=== STUDY MATERIAL ===
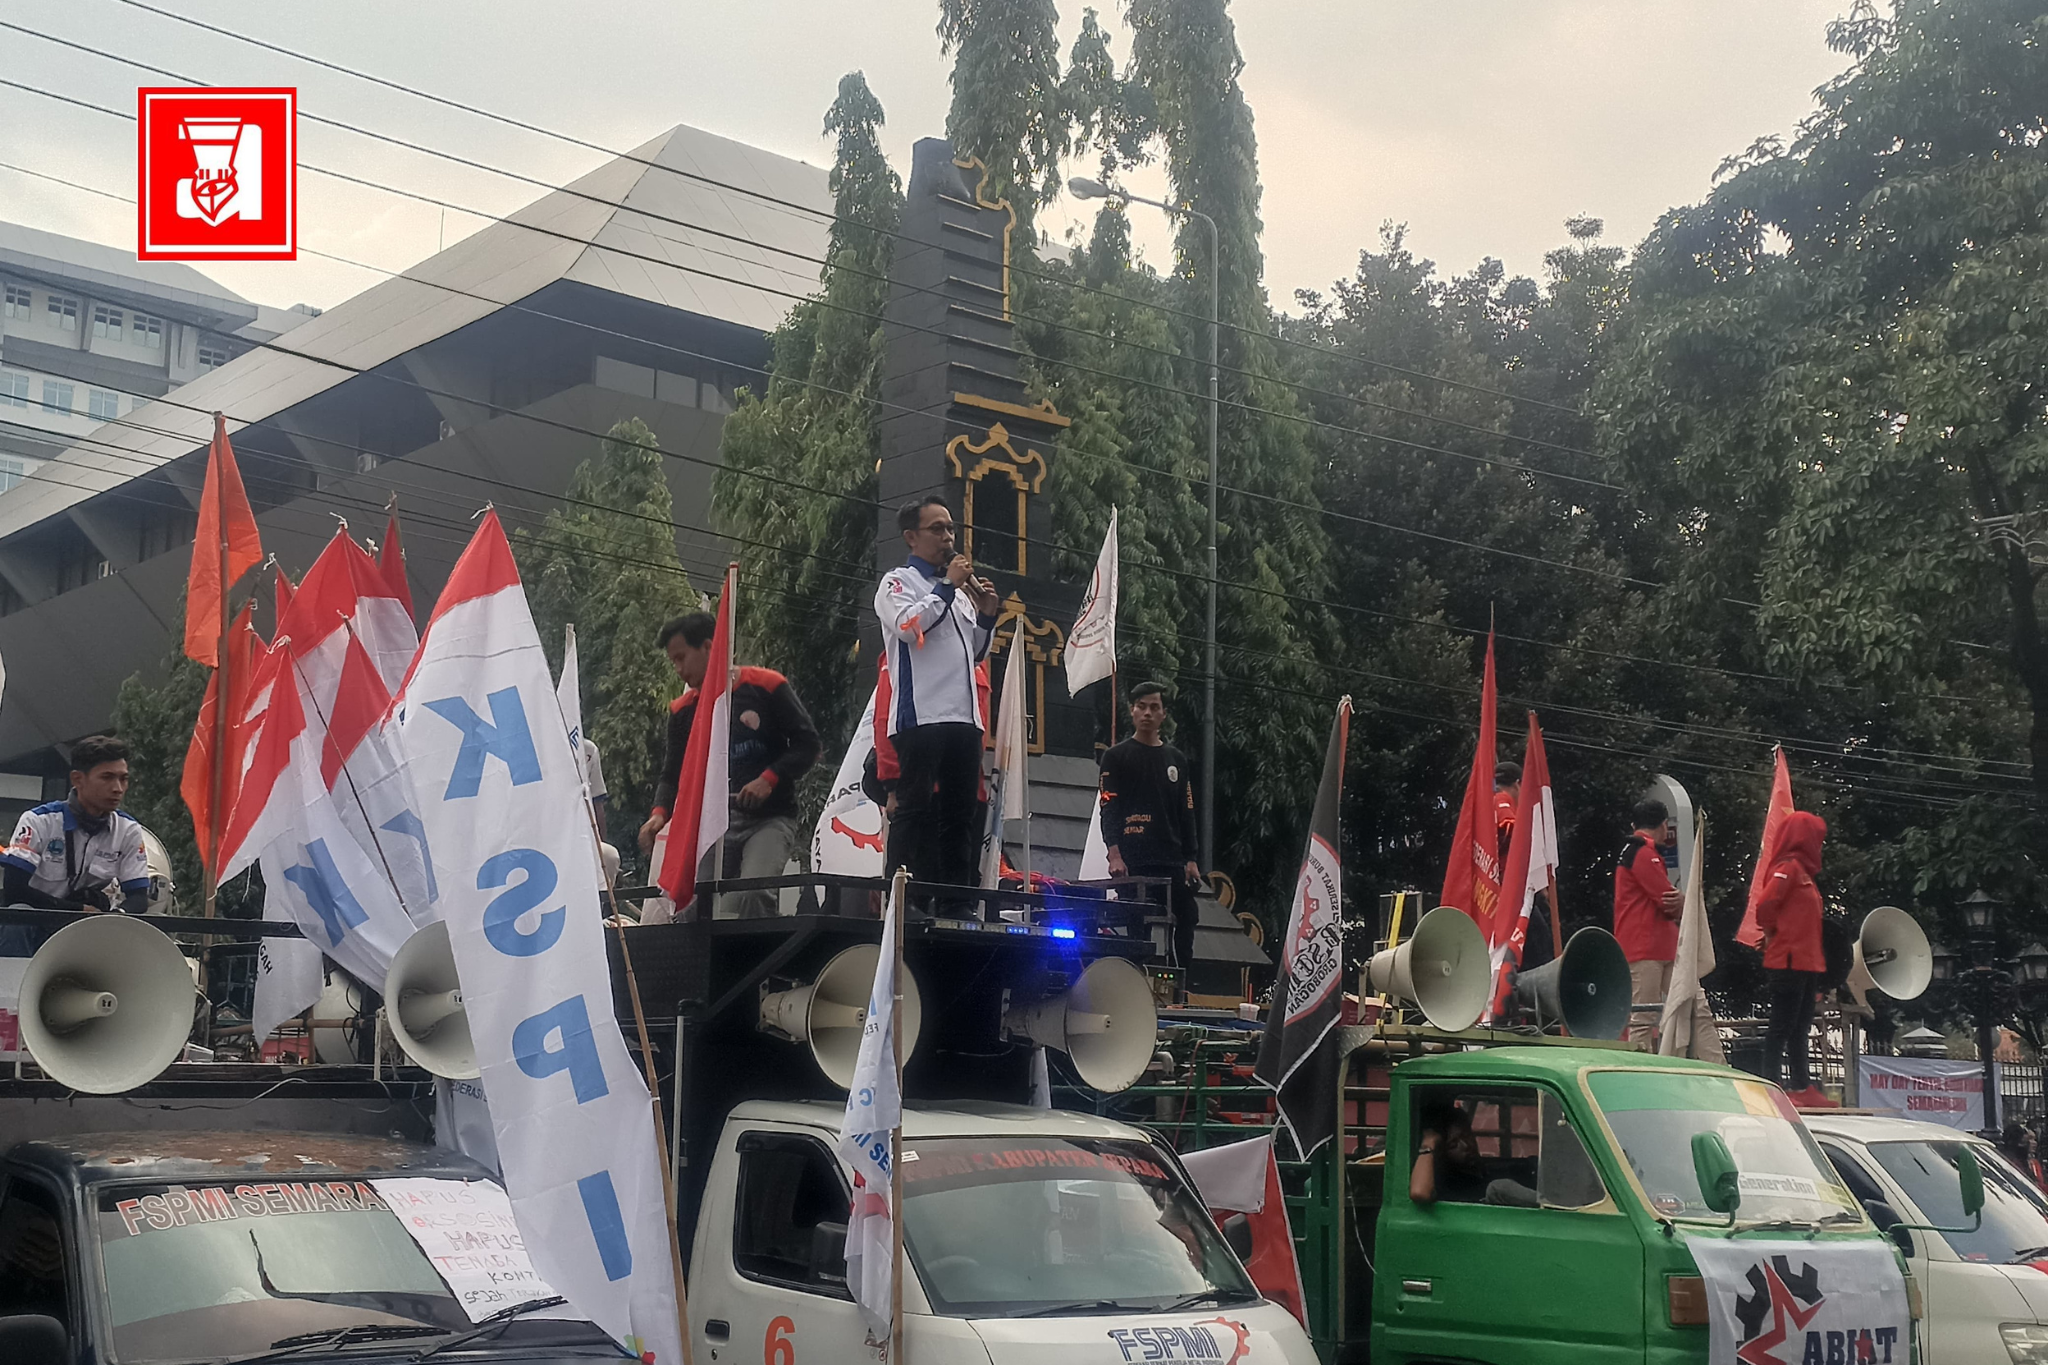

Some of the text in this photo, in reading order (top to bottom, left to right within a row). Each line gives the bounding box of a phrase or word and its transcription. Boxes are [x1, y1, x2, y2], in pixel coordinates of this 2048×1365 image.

[1738, 1174, 1816, 1195] Generation
[115, 1181, 392, 1236] FSPMI SEMARA
[389, 1189, 478, 1210] HAPUS
[486, 1270, 543, 1285] KONT
[763, 1315, 796, 1365] 6
[1109, 1326, 1222, 1362] FSPMI
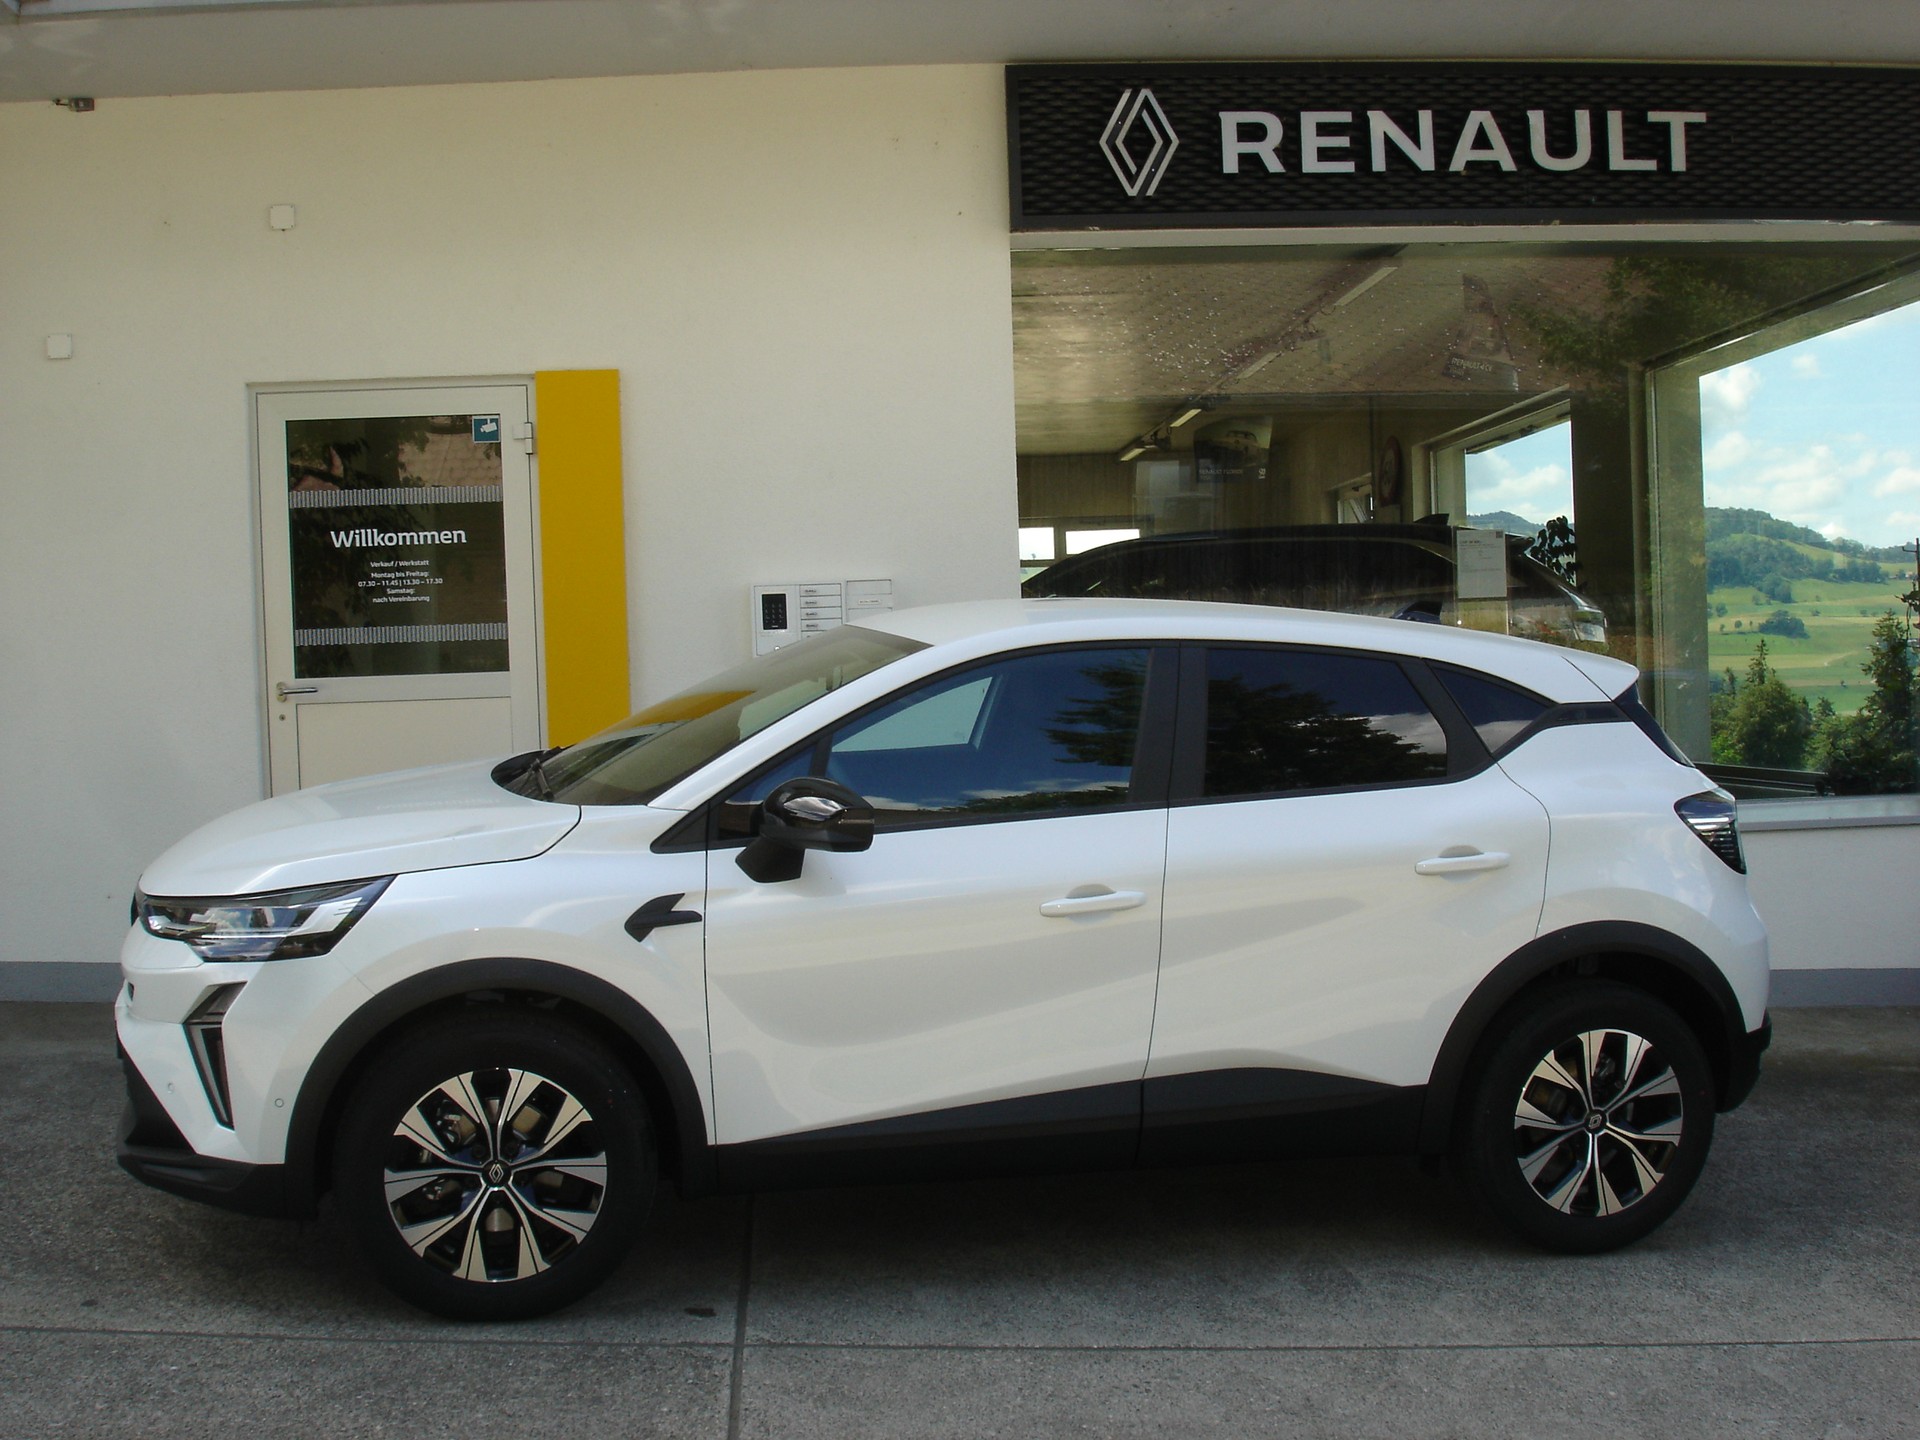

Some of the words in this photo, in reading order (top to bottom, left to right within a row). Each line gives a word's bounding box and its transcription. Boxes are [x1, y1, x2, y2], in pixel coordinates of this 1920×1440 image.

[1219, 109, 1706, 175] RENAULT
[330, 528, 467, 548] Willkommen
[389, 595, 430, 603] Vereinbarung

=== ASSIGNMENT ===
Each line from the one containing "Some of the words" to the last line above must be returned exactly, and no line outside that range.

=== RESPONSE AREA ===
Some of the words in this photo, in reading order (top to bottom, left to right within a row). Each line gives a word's bounding box and its transcription. Boxes are [x1, y1, x2, y2], in pixel coordinates of this 1920×1440 image.

[1219, 109, 1706, 175] RENAULT
[330, 528, 467, 548] Willkommen
[389, 595, 430, 603] Vereinbarung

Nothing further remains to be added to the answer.